En la década de los ochenta comienza, sin embargo, a fraguarse, sobre todo en Bilbao y al calor de las nuevas corrientes culinarias, la rehabilitación de la cocina de hotel. Posiblemente, uno de los primeros ejemplos sea el del restaurante Bermeo, del hotel Ercilla de la capital vizcaína, que más tarde ha dado lugar a secuelas de gran calado. Esta revolución se personificó en el navarro Ángel Lorente, jefe de cocina del Bermeo, donde, entre otras lindezas, descubrió la primera ensalada de bacalao de la modernidad. Por allí han pasado después creadores de mucho nivel, así como por su grandioso hermano menor, el Club Naútico del Hotel Lopez de Haro: Berna Rama, Alberto Zuluaga, Juanma Hurtado,... Hoy día, tras unos años de incertidumbre, ha desembocado en una cocina muy actual, con sello de autor y dirigida por un joven de nivel: Alberto Vélez.

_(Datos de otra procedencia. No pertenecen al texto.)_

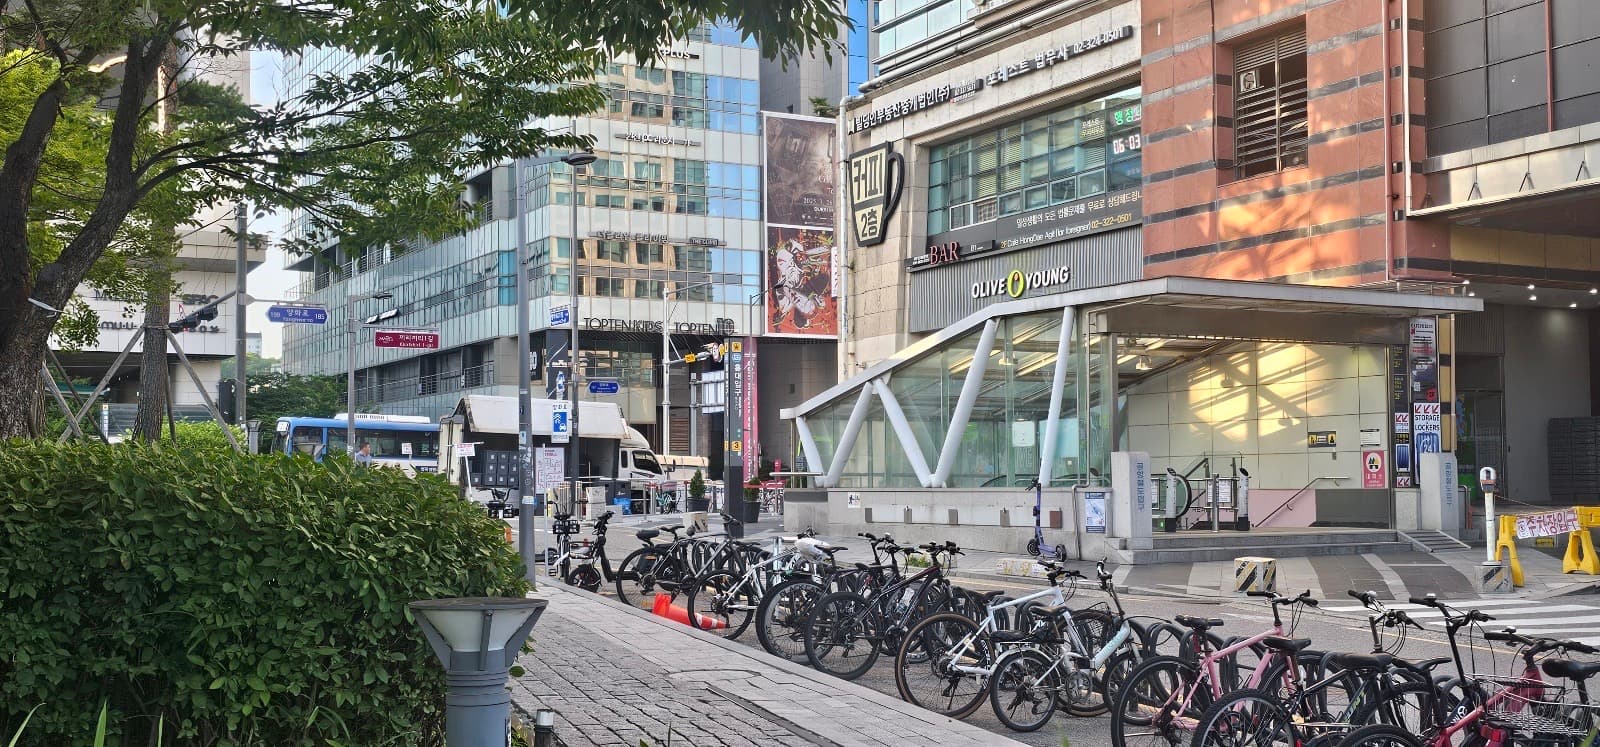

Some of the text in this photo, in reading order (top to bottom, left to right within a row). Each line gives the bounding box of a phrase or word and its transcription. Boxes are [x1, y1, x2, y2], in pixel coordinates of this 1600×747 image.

Otro gran restaurante bilbaíno que irrumpió en el panorama de la buena cocina al comienzo de esta década que ahora finaliza es el del Hotel Indautxu. En su Etxaniz, la profesionalidad de un chef como José Alonso ha contagiado su entusiasmo al equipo y ofrece una culinaria tradicional, pero con importantes dosis de refinamiento.
Pero, sin duda, quien ha roto en mil pedazos la imagen negativa de la cocina de hotel, ha sido Enrique Martinez, del laureado Maher de Cintruénigo. Su labor, al frente de la línea de restauración de los hoteles NH, ha dado un vuelco espectacular a muchos de los establecimientos de la cadena: La Ontina, de Zaragoza; el Calderón, de Barcelona, y, por supuesto, La Pérgola del Villa de Bilbao por citar los más destacables. En éste último siempre se encontrará alguna electrizante sorpresa de la mano de Txomin Gomez Navarro y con precios, para como está hoy el mercado, realmente irrisorios.
Gómez Navarro participó junto con el alsaciano y casi donostiarra Jerome Meyer, del Hotel María Cristina, en el concurso de Taittinger. El establecimiento donostiarra ha apostado a tope en los últimos años, con su director, Manuel Vasconcelos, al frente por una cocina de calidad sin desdeñar el negocio de los banquetes, interpretada por un cocinero riguroso como Jokin de Aguirre, últimamente con el importante refuerzo del citado Meyer. Siempre hay en la carta del María Cristina interesantes novedades como ahora la ensalada de txangurro y pomelo, el cordero a la provenzal asado en su jugo o el biscuit de dátiles y almendras. Es evidente que Escoffier ha muerto, ¡viva la imaginación!